Brief => Transcribe the entire listing faithfully; every line must match the original.

Data for processing =>
--*--
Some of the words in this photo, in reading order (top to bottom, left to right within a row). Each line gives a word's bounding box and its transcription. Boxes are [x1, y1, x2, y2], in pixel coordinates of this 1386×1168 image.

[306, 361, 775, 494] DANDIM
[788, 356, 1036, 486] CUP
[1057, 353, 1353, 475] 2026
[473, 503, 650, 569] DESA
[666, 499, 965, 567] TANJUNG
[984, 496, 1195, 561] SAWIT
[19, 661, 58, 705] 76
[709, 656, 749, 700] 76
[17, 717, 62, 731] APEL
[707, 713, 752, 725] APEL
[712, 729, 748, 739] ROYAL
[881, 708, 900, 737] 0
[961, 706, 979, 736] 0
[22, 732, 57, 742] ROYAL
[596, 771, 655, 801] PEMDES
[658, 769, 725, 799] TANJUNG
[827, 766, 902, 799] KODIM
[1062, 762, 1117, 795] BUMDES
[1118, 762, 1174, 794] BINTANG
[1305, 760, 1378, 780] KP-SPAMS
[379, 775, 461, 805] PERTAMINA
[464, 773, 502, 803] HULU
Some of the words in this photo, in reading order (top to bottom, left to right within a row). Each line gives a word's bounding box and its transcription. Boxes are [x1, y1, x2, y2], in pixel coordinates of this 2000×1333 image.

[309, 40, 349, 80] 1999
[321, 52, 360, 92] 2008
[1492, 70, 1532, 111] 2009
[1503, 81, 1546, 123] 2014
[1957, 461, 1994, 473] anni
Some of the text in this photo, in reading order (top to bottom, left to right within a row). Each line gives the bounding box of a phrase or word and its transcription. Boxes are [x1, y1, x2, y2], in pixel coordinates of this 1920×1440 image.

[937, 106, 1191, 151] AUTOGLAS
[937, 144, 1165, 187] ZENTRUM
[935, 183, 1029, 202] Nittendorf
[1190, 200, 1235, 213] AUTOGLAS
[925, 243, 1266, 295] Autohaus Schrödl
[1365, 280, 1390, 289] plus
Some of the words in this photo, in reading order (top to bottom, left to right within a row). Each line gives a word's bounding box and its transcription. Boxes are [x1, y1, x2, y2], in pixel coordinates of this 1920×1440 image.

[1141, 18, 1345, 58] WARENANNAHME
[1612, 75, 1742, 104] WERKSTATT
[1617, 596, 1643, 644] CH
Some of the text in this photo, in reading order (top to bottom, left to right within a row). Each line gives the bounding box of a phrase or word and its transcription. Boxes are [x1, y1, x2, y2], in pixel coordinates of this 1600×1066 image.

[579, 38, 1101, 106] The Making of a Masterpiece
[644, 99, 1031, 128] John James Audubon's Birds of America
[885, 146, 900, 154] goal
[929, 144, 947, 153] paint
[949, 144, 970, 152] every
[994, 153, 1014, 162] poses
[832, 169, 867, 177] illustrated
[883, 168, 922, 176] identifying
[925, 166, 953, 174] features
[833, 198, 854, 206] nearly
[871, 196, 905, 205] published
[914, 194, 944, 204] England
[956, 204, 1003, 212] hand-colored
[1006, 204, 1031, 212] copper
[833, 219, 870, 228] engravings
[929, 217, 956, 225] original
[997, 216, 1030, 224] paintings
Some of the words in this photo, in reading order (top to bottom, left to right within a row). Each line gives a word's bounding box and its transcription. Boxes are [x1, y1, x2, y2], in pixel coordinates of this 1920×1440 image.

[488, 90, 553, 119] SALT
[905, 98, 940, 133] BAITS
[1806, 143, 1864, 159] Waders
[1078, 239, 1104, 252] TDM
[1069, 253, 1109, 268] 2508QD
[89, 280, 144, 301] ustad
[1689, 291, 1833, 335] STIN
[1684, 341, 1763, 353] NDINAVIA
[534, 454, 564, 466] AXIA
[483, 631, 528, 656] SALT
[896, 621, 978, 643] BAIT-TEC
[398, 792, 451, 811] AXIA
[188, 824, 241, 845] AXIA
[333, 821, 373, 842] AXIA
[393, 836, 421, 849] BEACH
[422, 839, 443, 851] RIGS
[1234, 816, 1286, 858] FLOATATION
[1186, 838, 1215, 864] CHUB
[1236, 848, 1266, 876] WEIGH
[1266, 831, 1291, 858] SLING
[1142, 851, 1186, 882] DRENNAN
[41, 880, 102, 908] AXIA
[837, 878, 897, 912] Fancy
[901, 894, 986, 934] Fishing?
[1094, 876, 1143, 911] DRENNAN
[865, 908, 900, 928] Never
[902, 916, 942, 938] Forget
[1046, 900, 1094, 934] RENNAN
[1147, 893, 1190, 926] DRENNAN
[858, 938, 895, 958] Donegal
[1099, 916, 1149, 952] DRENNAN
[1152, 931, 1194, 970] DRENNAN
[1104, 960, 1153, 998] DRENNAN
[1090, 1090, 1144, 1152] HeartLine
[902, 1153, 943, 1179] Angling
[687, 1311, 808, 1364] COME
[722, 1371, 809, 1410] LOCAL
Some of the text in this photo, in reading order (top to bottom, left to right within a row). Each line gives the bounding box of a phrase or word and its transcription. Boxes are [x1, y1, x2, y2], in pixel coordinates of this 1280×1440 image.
--*--
Written answer =>
Some of the words in this photo, in reading order (top to bottom, left to right within a row). Each line gives a word's bounding box and its transcription. Boxes are [x1, y1, x2, y2], in pixel coordinates of this 1386×1168 image.

[306, 361, 775, 494] DANDIM
[788, 356, 1036, 486] CUP
[1057, 353, 1353, 475] 2026
[473, 503, 650, 569] DESA
[666, 499, 965, 567] TANJUNG
[984, 496, 1195, 561] SAWIT
[19, 661, 58, 705] 76
[709, 656, 749, 700] 76
[17, 717, 62, 731] APEL
[707, 713, 752, 725] APEL
[712, 729, 748, 739] ROYAL
[881, 708, 900, 737] 0
[961, 706, 979, 736] 0
[22, 732, 57, 742] ROYAL
[596, 771, 655, 801] PEMDES
[658, 769, 725, 799] TANJUNG
[827, 766, 902, 799] KODIM
[1062, 762, 1117, 795] BUMDES
[1118, 762, 1174, 794] BINTANG
[1305, 760, 1378, 780] KP-SPAMS
[379, 775, 461, 805] PERTAMINA
[464, 773, 502, 803] HULU
Some of the words in this photo, in reading order (top to bottom, left to right within a row). Each line gives a word's bounding box and its transcription. Boxes are [x1, y1, x2, y2], in pixel coordinates of this 2000×1333 image.

[309, 40, 349, 80] 1999
[321, 52, 360, 92] 2008
[1492, 70, 1532, 111] 2009
[1503, 81, 1546, 123] 2014
[1957, 461, 1994, 473] anni
Some of the text in this photo, in reading order (top to bottom, left to right within a row). Each line gives the bounding box of a phrase or word and its transcription. Boxes are [x1, y1, x2, y2], in pixel coordinates of this 1920×1440 image.

[937, 106, 1191, 151] AUTOGLAS
[937, 144, 1165, 187] ZENTRUM
[935, 183, 1029, 202] Nittendorf
[1190, 200, 1235, 213] AUTOGLAS
[925, 243, 1266, 295] Autohaus Schrödl
[1365, 280, 1390, 289] plus
Some of the words in this photo, in reading order (top to bottom, left to right within a row). Each line gives a word's bounding box and its transcription. Boxes are [x1, y1, x2, y2], in pixel coordinates of this 1920×1440 image.

[1141, 18, 1345, 58] WARENANNAHME
[1612, 75, 1742, 104] WERKSTATT
[1617, 596, 1643, 644] CH
Some of the text in this photo, in reading order (top to bottom, left to right within a row). Each line gives the bounding box of a phrase or word and its transcription. Boxes are [x1, y1, x2, y2], in pixel coordinates of this 1600×1066 image.

[579, 38, 1101, 106] The Making of a Masterpiece
[644, 99, 1031, 128] John James Audubon's Birds of America
[885, 146, 900, 154] goal
[929, 144, 947, 153] paint
[949, 144, 970, 152] every
[994, 153, 1014, 162] poses
[832, 169, 867, 177] illustrated
[883, 168, 922, 176] identifying
[925, 166, 953, 174] features
[833, 198, 854, 206] nearly
[871, 196, 905, 205] published
[914, 194, 944, 204] England
[956, 204, 1003, 212] hand-colored
[1006, 204, 1031, 212] copper
[833, 219, 870, 228] engravings
[929, 217, 956, 225] original
[997, 216, 1030, 224] paintings
Some of the words in this photo, in reading order (top to bottom, left to right within a row). Each line gives a word's bounding box and its transcription. Boxes are [x1, y1, x2, y2], in pixel coordinates of this 1920×1440 image.

[488, 90, 553, 119] SALT
[905, 98, 940, 133] BAITS
[1806, 143, 1864, 159] Waders
[1078, 239, 1104, 252] TDM
[1069, 253, 1109, 268] 2508QD
[89, 280, 144, 301] ustad
[1689, 291, 1833, 335] STIN
[1684, 341, 1763, 353] NDINAVIA
[534, 454, 564, 466] AXIA
[483, 631, 528, 656] SALT
[896, 621, 978, 643] BAIT-TEC
[398, 792, 451, 811] AXIA
[188, 824, 241, 845] AXIA
[333, 821, 373, 842] AXIA
[393, 836, 421, 849] BEACH
[422, 839, 443, 851] RIGS
[1234, 816, 1286, 858] FLOATATION
[1186, 838, 1215, 864] CHUB
[1236, 848, 1266, 876] WEIGH
[1266, 831, 1291, 858] SLING
[1142, 851, 1186, 882] DRENNAN
[41, 880, 102, 908] AXIA
[837, 878, 897, 912] Fancy
[901, 894, 986, 934] Fishing?
[1094, 876, 1143, 911] DRENNAN
[865, 908, 900, 928] Never
[902, 916, 942, 938] Forget
[1046, 900, 1094, 934] RENNAN
[1147, 893, 1190, 926] DRENNAN
[858, 938, 895, 958] Donegal
[1099, 916, 1149, 952] DRENNAN
[1152, 931, 1194, 970] DRENNAN
[1104, 960, 1153, 998] DRENNAN
[1090, 1090, 1144, 1152] HeartLine
[902, 1153, 943, 1179] Angling
[687, 1311, 808, 1364] COME
[722, 1371, 809, 1410] LOCAL
Some of the text in this photo, in reading order (top to bottom, left to right within a row). Each line gives the bounding box of a phrase or word and its transcription. Boxes are [x1, y1, x2, y2], in pixel coordinates of this 1280×1440 image.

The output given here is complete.